Research also indicates that this inflammation can be controlled
by cholesterol-lowering drugs, according to Dr. Paul M. Ridker,
reporting in Tuesday's issue of Circulation: Journal of the
American Heart Association.
In a study tracking 472 heart-attack patients randomly chosen to
receive either a placebo or cholesterol-lowering medication, Ridker
and his colleagues found that the drug Pravachol (pravastatin)
successfully lowered levels of C-reactive protein (CRP), a chemical
marker for inflammation.
``This drug appears to have an effect beyond lowering the bad
[low-density lipoprotein or LDL] cholesterol,'' said Ridker,
co-director of cardiovascular research at the Brigham and Women's
Hospital in Boston.
Ridker's team found that CRP levels increased among those in the
placebo group even in cases where patients had successfully lowered
their cholesterol with diet and exercise programs. After five years
of treatment, the CRP level of the drug-treated group was 38
percent lower than the placebo group.
An earlier study, also conducted by Ridker, of nearly 40,000
healthy postmenopausal women found that those with the highest
levels of CRP had five times the risk of developing heart disease
than those with lower levels of the protein.

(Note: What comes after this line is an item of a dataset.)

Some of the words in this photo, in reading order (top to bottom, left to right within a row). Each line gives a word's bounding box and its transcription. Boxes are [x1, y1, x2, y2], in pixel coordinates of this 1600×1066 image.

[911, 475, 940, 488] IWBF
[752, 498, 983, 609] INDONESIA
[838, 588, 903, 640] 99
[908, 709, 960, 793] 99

Even among women who were nonsmokers, had healthy cholesterol
levels and no family history of heart disease, high levels of CRP
were found in some cases, Ridker noted in the 1998 study also
published in the journal Circulation.
Commenting on his latest study, Ridker said that highly
sensitive CRP tests are expected to be on the market by the end of
the year. These tests may be used to determine if
cholesterol-lowering drugs could be beneficial in those patients
who do not have any of the standard risk factors for heart disease.

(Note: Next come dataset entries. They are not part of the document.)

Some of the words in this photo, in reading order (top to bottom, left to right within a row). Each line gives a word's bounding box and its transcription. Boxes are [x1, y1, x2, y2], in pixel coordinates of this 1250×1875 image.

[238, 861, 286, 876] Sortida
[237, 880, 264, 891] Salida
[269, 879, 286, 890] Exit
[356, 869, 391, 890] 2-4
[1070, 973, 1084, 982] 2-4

It is not known what causes the inflammation that is believed to
prompt heart disease, but ultimately we may find that ``[heart
disease is] an inflammatory disease in the same way that we
currently consider rheumatoid arthritis to be an inflammatory
disease,'' said Ritker.
An earlier study by different researchers had rejected the idea
that heart disease might be the result of an individual's exposure
to infectious organisms.
A 1998 study led by Dr. Jeffrey L. Anderson, former chief of
cardiology of LDS Hospital in Salt Lake City, found that levels of
CRP were on average more than twice as high in patients with heart
disease than in healthy patients. Among patients who had a heart
attack, the level was approximately four times higher.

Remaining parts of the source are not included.